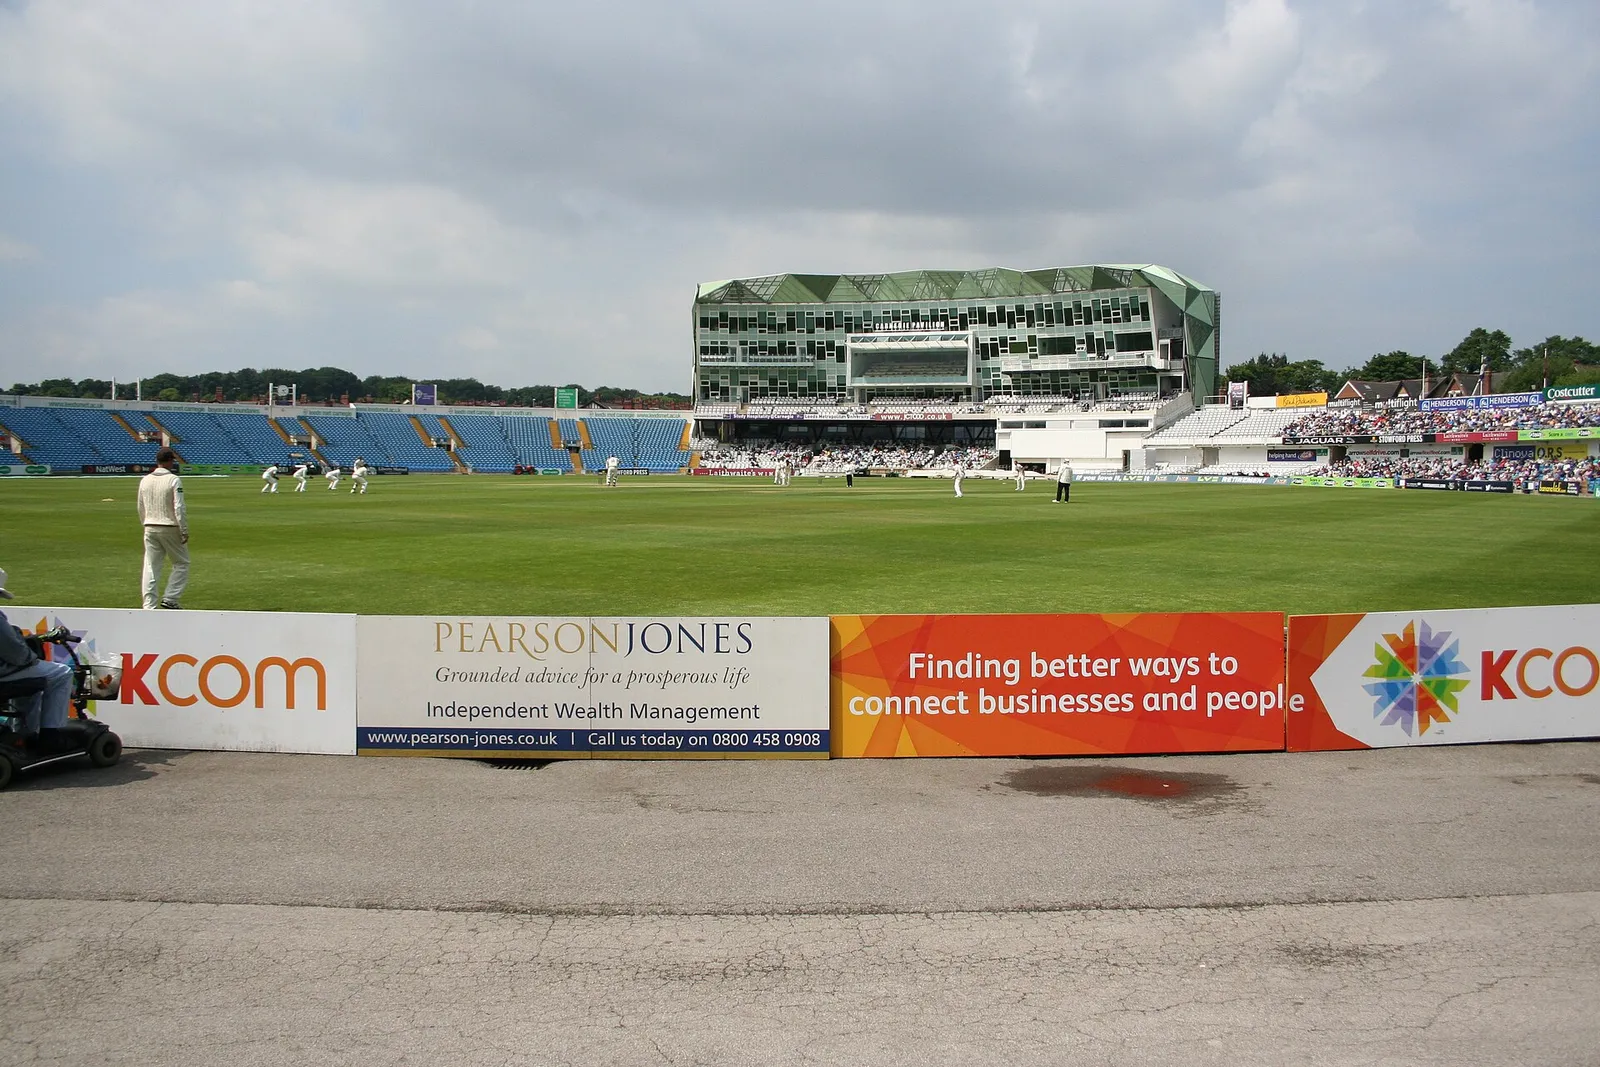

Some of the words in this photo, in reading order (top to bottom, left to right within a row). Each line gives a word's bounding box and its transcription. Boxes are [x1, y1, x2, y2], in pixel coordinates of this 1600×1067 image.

[875, 322, 909, 330] CARNEGIE
[912, 321, 945, 330] PAVILION
[1547, 386, 1595, 399] Costcutter
[1327, 399, 1361, 409] multiflight
[1374, 397, 1418, 410] mltiflight
[1430, 399, 1466, 408] HENDERSON
[1489, 396, 1529, 405] HENDERSON
[1378, 434, 1406, 443] STOWFORD
[1406, 434, 1423, 443] PRESS
[1268, 452, 1285, 460] helping
[1494, 447, 1535, 459] Clinova
[95, 465, 126, 473] NatWest
[633, 468, 648, 476] PRESS
[709, 468, 756, 476] Laithwaite's
[1221, 476, 1268, 484] RETIREMENT
[908, 652, 1021, 685] Finding
[1030, 651, 1121, 678] better
[1128, 656, 1201, 683] ways
[1208, 652, 1239, 675] to
[1481, 646, 1600, 700] KCO
[435, 666, 521, 683] Grounded
[525, 666, 578, 683] advice
[577, 666, 608, 689] for
[612, 670, 622, 684] a
[624, 668, 718, 690] prosperous
[723, 666, 750, 690] life
[848, 691, 970, 716] connect
[979, 687, 1134, 715] businesses
[1142, 684, 1197, 712] and
[1206, 683, 1305, 717] people
[427, 701, 549, 721] Independent
[554, 702, 623, 719] Wealth
[630, 703, 760, 723] Management
[367, 731, 557, 748] www.pearson-jones.co.uk
[588, 732, 615, 746] Call
[620, 736, 637, 746] us
[641, 732, 684, 749] today
[688, 736, 708, 746] on
[712, 733, 749, 746] 0800
[752, 733, 780, 746] 458
[784, 733, 821, 746] 0908

==============================

YOUR ASSIGNMENT
Reproduce these records exactly, but not the pictures.

OUTPUT
Some of the words in this photo, in reading order (top to bottom, left to right within a row). Each line gives a word's bounding box and its transcription. Boxes are [x1, y1, x2, y2], in pixel coordinates of this 1600×1067 image.

[875, 322, 909, 330] CARNEGIE
[912, 321, 945, 330] PAVILION
[1547, 386, 1595, 399] Costcutter
[1327, 399, 1361, 409] multiflight
[1374, 397, 1418, 410] mltiflight
[1430, 399, 1466, 408] HENDERSON
[1489, 396, 1529, 405] HENDERSON
[1378, 434, 1406, 443] STOWFORD
[1406, 434, 1423, 443] PRESS
[1268, 452, 1285, 460] helping
[1494, 447, 1535, 459] Clinova
[95, 465, 126, 473] NatWest
[633, 468, 648, 476] PRESS
[709, 468, 756, 476] Laithwaite's
[1221, 476, 1268, 484] RETIREMENT
[908, 652, 1021, 685] Finding
[1030, 651, 1121, 678] better
[1128, 656, 1201, 683] ways
[1208, 652, 1239, 675] to
[1481, 646, 1600, 700] KCO
[435, 666, 521, 683] Grounded
[525, 666, 578, 683] advice
[577, 666, 608, 689] for
[612, 670, 622, 684] a
[624, 668, 718, 690] prosperous
[723, 666, 750, 690] life
[848, 691, 970, 716] connect
[979, 687, 1134, 715] businesses
[1142, 684, 1197, 712] and
[1206, 683, 1305, 717] people
[427, 701, 549, 721] Independent
[554, 702, 623, 719] Wealth
[630, 703, 760, 723] Management
[367, 731, 557, 748] www.pearson-jones.co.uk
[588, 732, 615, 746] Call
[620, 736, 637, 746] us
[641, 732, 684, 749] today
[688, 736, 708, 746] on
[712, 733, 749, 746] 0800
[752, 733, 780, 746] 458
[784, 733, 821, 746] 0908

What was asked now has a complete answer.